Какого-то определенного строя арабы не придерживались. Украшенные резьбой и инкрустациями ложа мушкетов поблескивали в лучах предзакатного солнца, а кривые сабли оставались пока в ножнах. Шли они легко, почти беззаботно, как будто собрались на прогулку и нисколько не сомневались в собственном превосходстве над врагом. Сколько их было? Тысяча? По меньшей мере. Офицеры ехали верхом. Наступали арабы не шеренгами, а общей массой, впереди которой бежали самые отважные – или самые безрассудные? – которым не терпелось поскорее пустить кому-то кровь. Вся эта огромная толпа издавала пронзительные воинственные крики, а шедшие в середине ее барабанщики отбивали нервный, тревожно пульсирующий, разбегающийся по полю ритм. Шарп заметил, что британские пушкари заряжают картечью. Зеленые знамена колыхались над головами наступающих, и узкие шелковые полотнища извивались в воздухе подобно змеям. На них было что-то написано, но как Шарп ни старался, разобрать загадочные письмена не мог.
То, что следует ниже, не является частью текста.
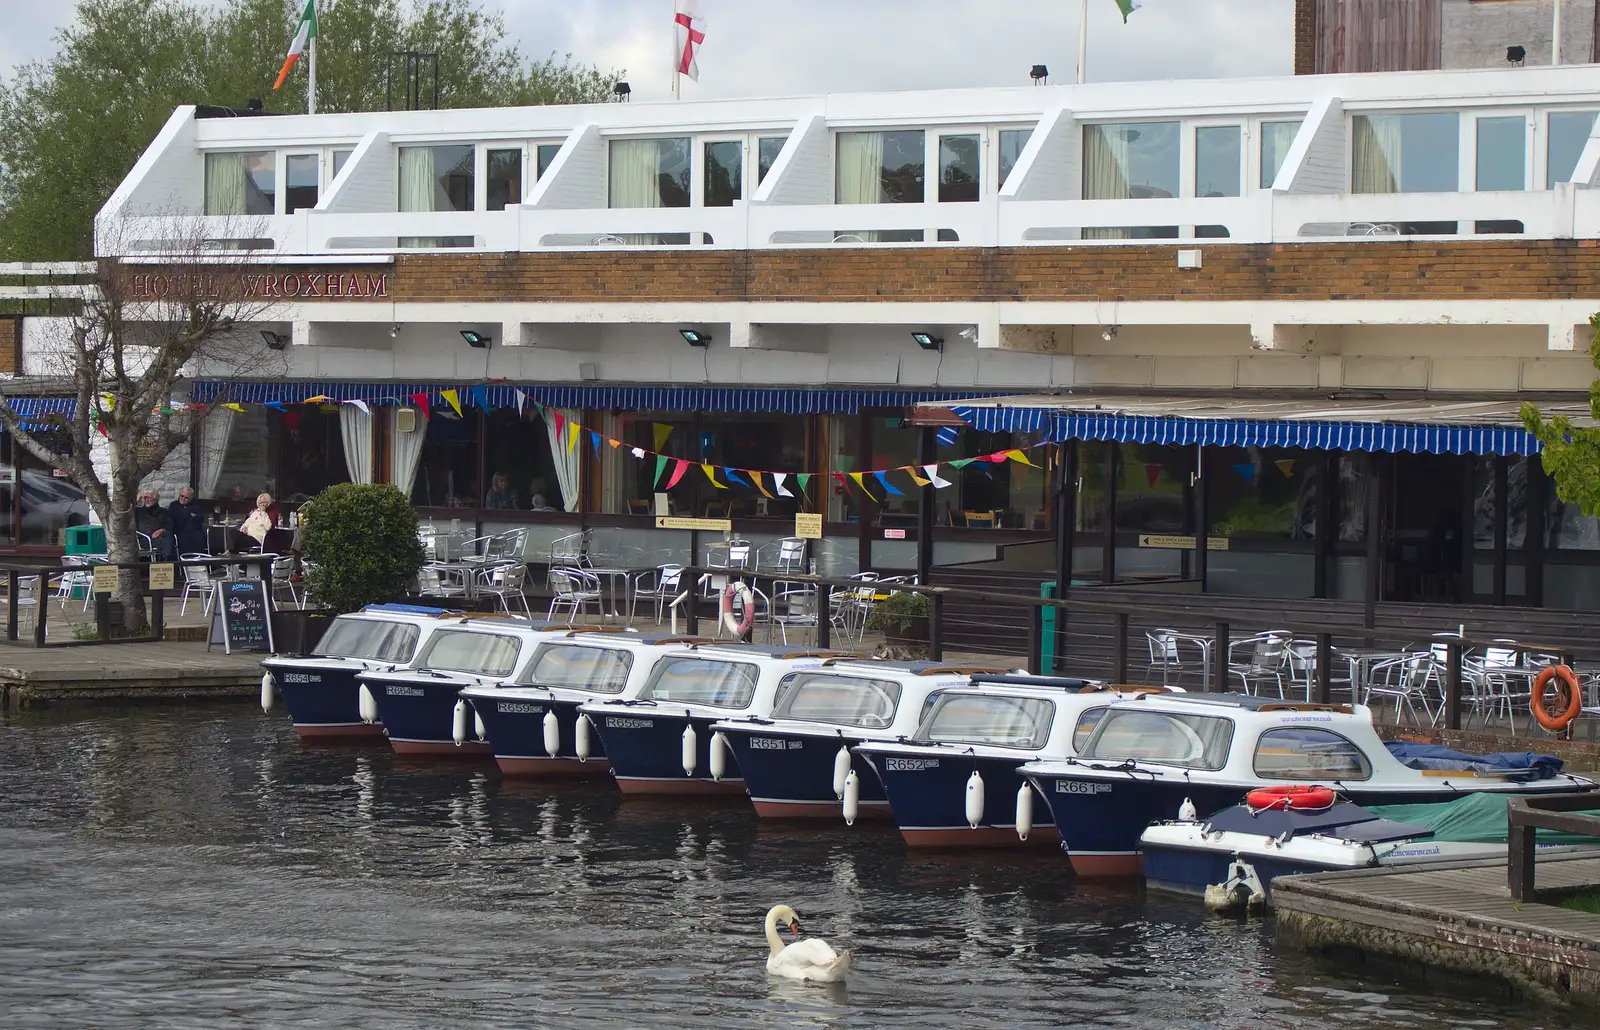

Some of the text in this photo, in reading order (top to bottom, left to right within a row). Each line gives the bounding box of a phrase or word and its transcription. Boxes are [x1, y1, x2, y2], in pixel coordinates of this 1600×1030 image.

[132, 272, 388, 298] HOTEL WROXHAM
[284, 673, 309, 683] R654
[386, 685, 412, 696] R664
[498, 702, 531, 713] R659
[606, 717, 641, 728] R656
[750, 737, 785, 749] R651
[886, 758, 925, 770] R652
[1057, 780, 1096, 794] R661
– Семьдесят четвертый! – крикнул майор Суинтон. – Стой!
Семьдесят восьмой тоже остановился. Двум шотландским батальонам, понесшим тяжелые потери под Ассайе, выпала незавидная честь принять на себя удар главной силы маратхской пехоты. Центр сражения был здесь. Все прочее как будто замерло в ожидании схватки. Шарп не видел ничего, кроме катящейся сверху улюлюкающей, воинственной людской лавины.
– Приготовиться! – призвал Суинтон.
– Приготовиться! – эхом отозвался Уркхарт.
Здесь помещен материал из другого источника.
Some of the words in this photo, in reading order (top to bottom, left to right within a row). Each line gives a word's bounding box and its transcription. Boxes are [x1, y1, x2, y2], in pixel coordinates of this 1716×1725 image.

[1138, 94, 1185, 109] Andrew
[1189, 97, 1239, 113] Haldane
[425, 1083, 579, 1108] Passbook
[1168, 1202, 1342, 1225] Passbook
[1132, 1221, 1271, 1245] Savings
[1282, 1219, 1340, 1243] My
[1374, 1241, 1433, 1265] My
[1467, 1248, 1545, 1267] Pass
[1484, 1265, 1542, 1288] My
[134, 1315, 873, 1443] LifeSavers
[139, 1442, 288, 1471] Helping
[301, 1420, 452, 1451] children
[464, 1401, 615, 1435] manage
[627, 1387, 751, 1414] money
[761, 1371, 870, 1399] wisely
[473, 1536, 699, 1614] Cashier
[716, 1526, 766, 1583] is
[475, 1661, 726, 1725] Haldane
– Приготовиться! – крикнул сержант Колкхаун.
Солдаты подняли мушкеты к груди и отвели назад тяжелые курки.
Шарп шагнул на свободное место между шестой и стоявшей левее седьмой ротой, жалея, что у него нет мушкета. Сабелька в руке казалась легкой, хрупкой и ни на что не годной.
– Цельсь! – подал команду Суинтон.
– Цельсь! – повторил Колкхаун, и приклады уткнулись в плечи солдат.
Сосед Шарпа справа опустил голову, ведя взгляд по дулу ружья.
– Стрелять ниже, парни, – предупредил стоявший за ротой Уркхарт. – Стрелять пониже. Мистер Шарп, займите свое место.
Чтоб тебе провалиться, подумал Шарп. Вот и еще одна ошибка. Он встал позади роты – его обязанность заключалась в том, чтобы наблюдать за строем и не допустить бегства.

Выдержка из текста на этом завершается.